A little back story on how this build came to be......

I have always been into the more oddball cars for drag racing, I live 2 miles from a 1/8 mile track and grew up in a Ford family. I purchased a 1972 F-250 cab and chassis with a cracked oil pan in January of 2011 from a local dealer (he had bought it for the work body it had), and after getting it running, drove it for 8 months, parked it for a year, and now am selling it.
I picked up a running 2001 6.8L V10 from a F-350 for $100 from a mechanic who had replaced the engine (89k miles and it developed a timing knock, owner replaced it instead of repairing) that I had planned on putting into the truck. I later decided not to, the truck has one of those engine that was "just done right", and dynos at 412hp at the rear wheels (4spd manual), and with a 3.73 rear it will seriously boogie (I haven't had it over 110, and thats at just over half throttle in 4th).

I got interested in building a car for the engine last summer, and decided on an Ar-i-el At-om, built the frame, and someone who learned about it offered me $1500 for it, I was in about $50 and 6 weekends, so I sold it.
Then I decided to build a car of my own design, and I got about a third through with the frame (which is still outside my house at that point, see the photo at the end), and my source for a custom transmission closed up shop.
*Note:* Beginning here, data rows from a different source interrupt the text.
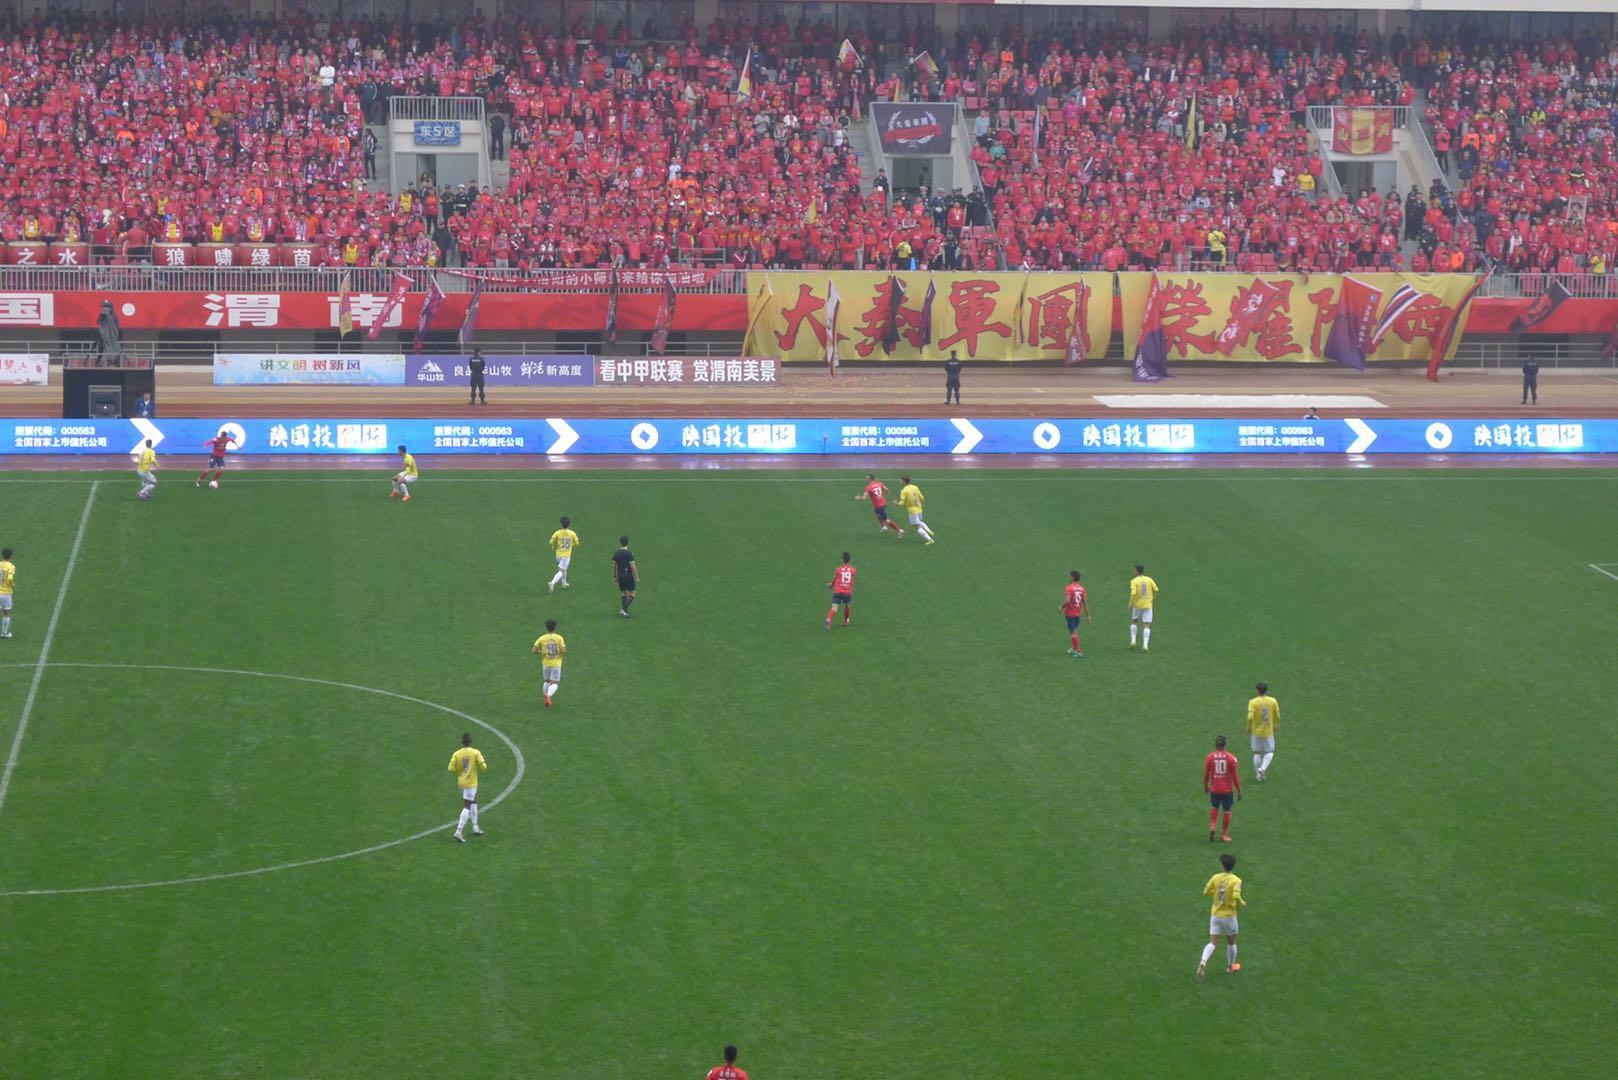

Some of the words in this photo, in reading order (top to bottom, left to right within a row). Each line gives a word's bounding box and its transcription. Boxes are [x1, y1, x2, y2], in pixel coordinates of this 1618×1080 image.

[419, 125, 455, 138] 东5区
[600, 359, 684, 382] 看中甲联赛
[693, 359, 776, 382] 赏渭南美景
[840, 571, 851, 584] 19
[1213, 759, 1227, 775] 10
I did a little research and have been trying to get Wilcap engineering to work with me for a couple months, but I can't get a reply to an email, and calling them is pointless "I'll have to have someone get back to you....", so that one is getting thrown on a back burner for a few years.

I did a little looking into a front engine rear drive car with a spaceframe and decided to go with a modified Locost, I'm going to start at the rear and work my way forward, currently I am building a heavy tubing roller when I have time to do so, and have the engine repaired, but I'm going to do a full overhaul on it and go with a custom manifold and carbs, that way I don't have to mess with the computer and everything from a production vehicle. I will post progress as it occurs on here, and will answer any questions anyone has about how I'm doing this.
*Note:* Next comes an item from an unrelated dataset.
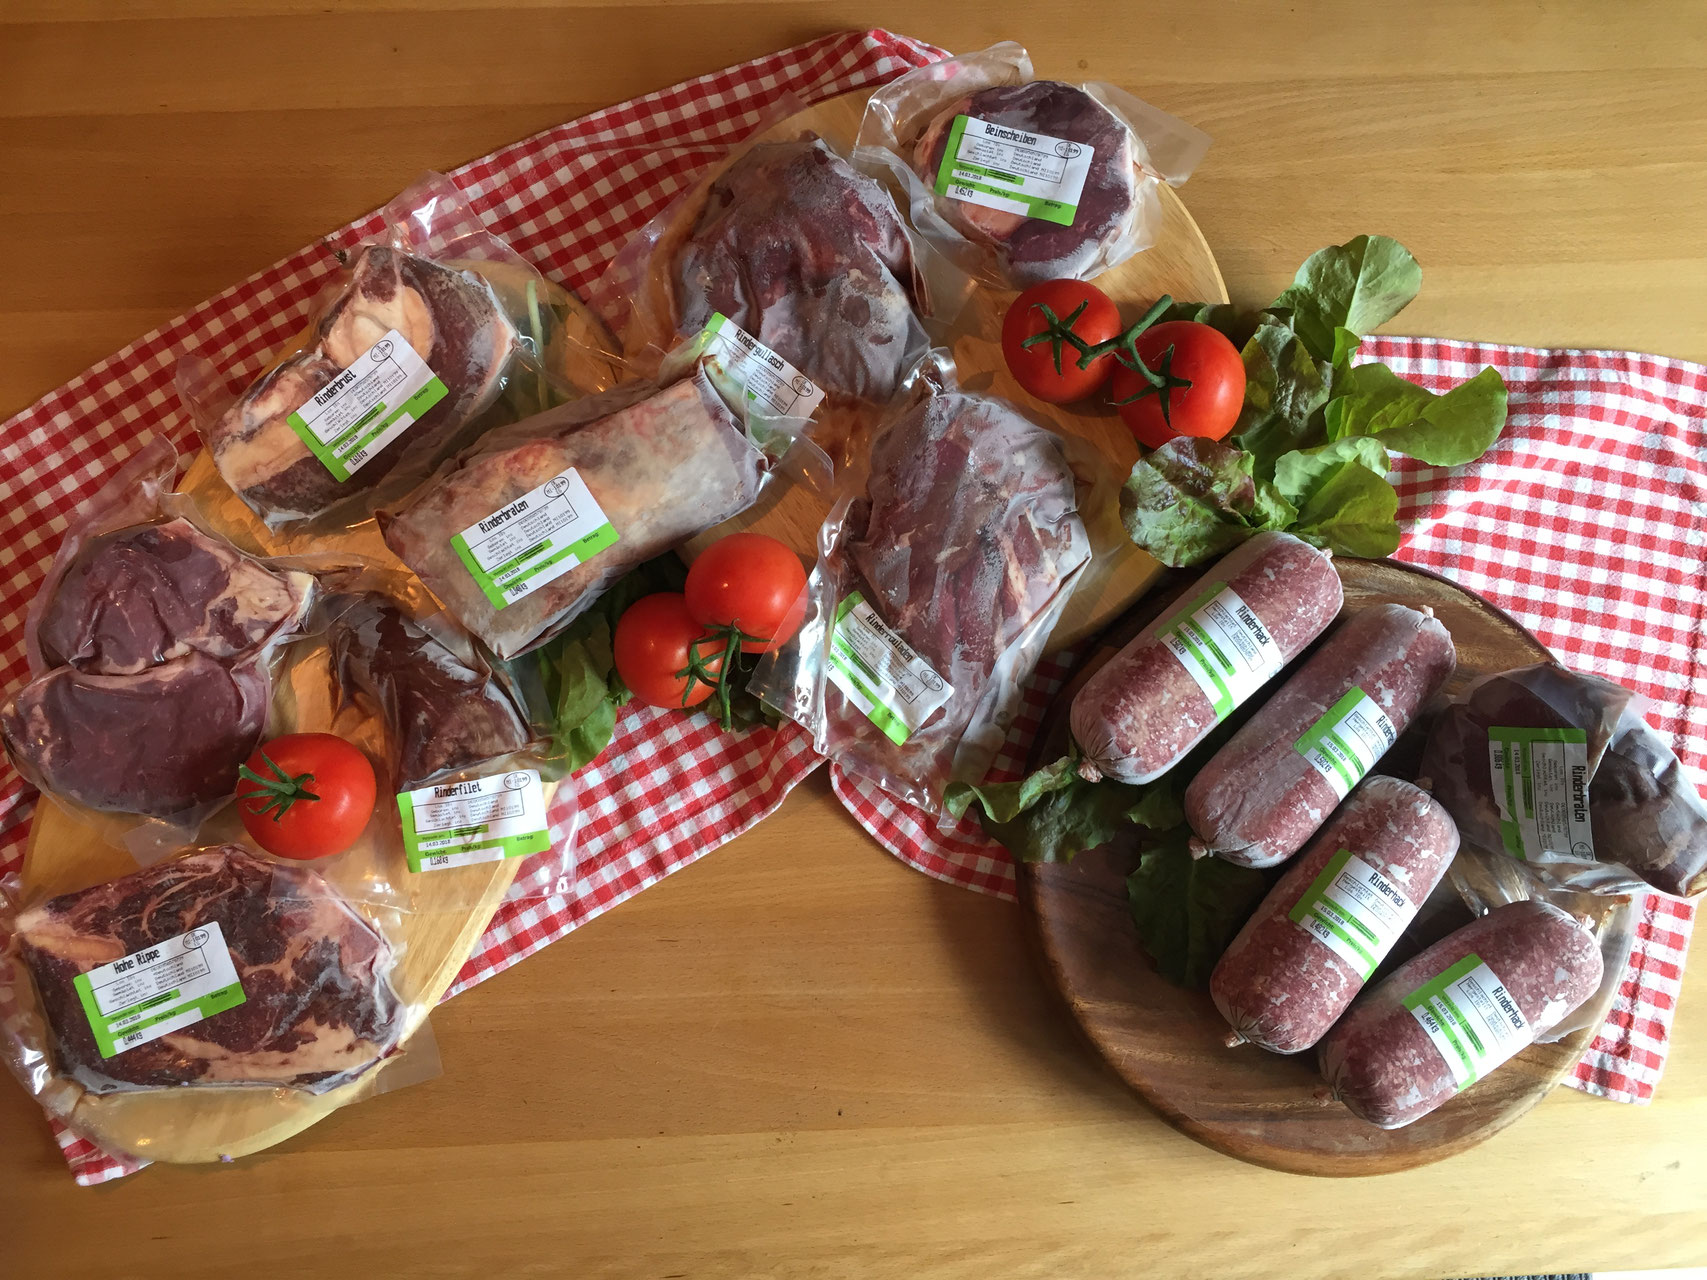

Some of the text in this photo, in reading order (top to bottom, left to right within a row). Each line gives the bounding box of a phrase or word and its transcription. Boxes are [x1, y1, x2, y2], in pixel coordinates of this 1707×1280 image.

Basic outline of the build to come:
My frame is going to be a "little" heavier than a standard Locost or Haynes roadster would be, I'm going to use 1.5"x11ga square tubing and try to curve the sides instead of cutting and angling. I have to widen it a little from the book dimensions to accommodate the engine.
The engine is a 2001 2V 6.8L Ford V10, will be carbureted with an MSD Flying Magnet crank trigger (it's a distributorless engine) and ignition setup.
Transmission will be a good old C6 automatic or a Powerglide (both transmission adapters are "off the rack" from Summit).
I am not yet sure about the rear end, I have a good 9" Ford sitting around, but I may go independent instead of straight axle.

Any thoughts would be appreciated, I'll get some pictures on here of the V-10, the tubing roller as it comes together, and of course, the car as it takes shape.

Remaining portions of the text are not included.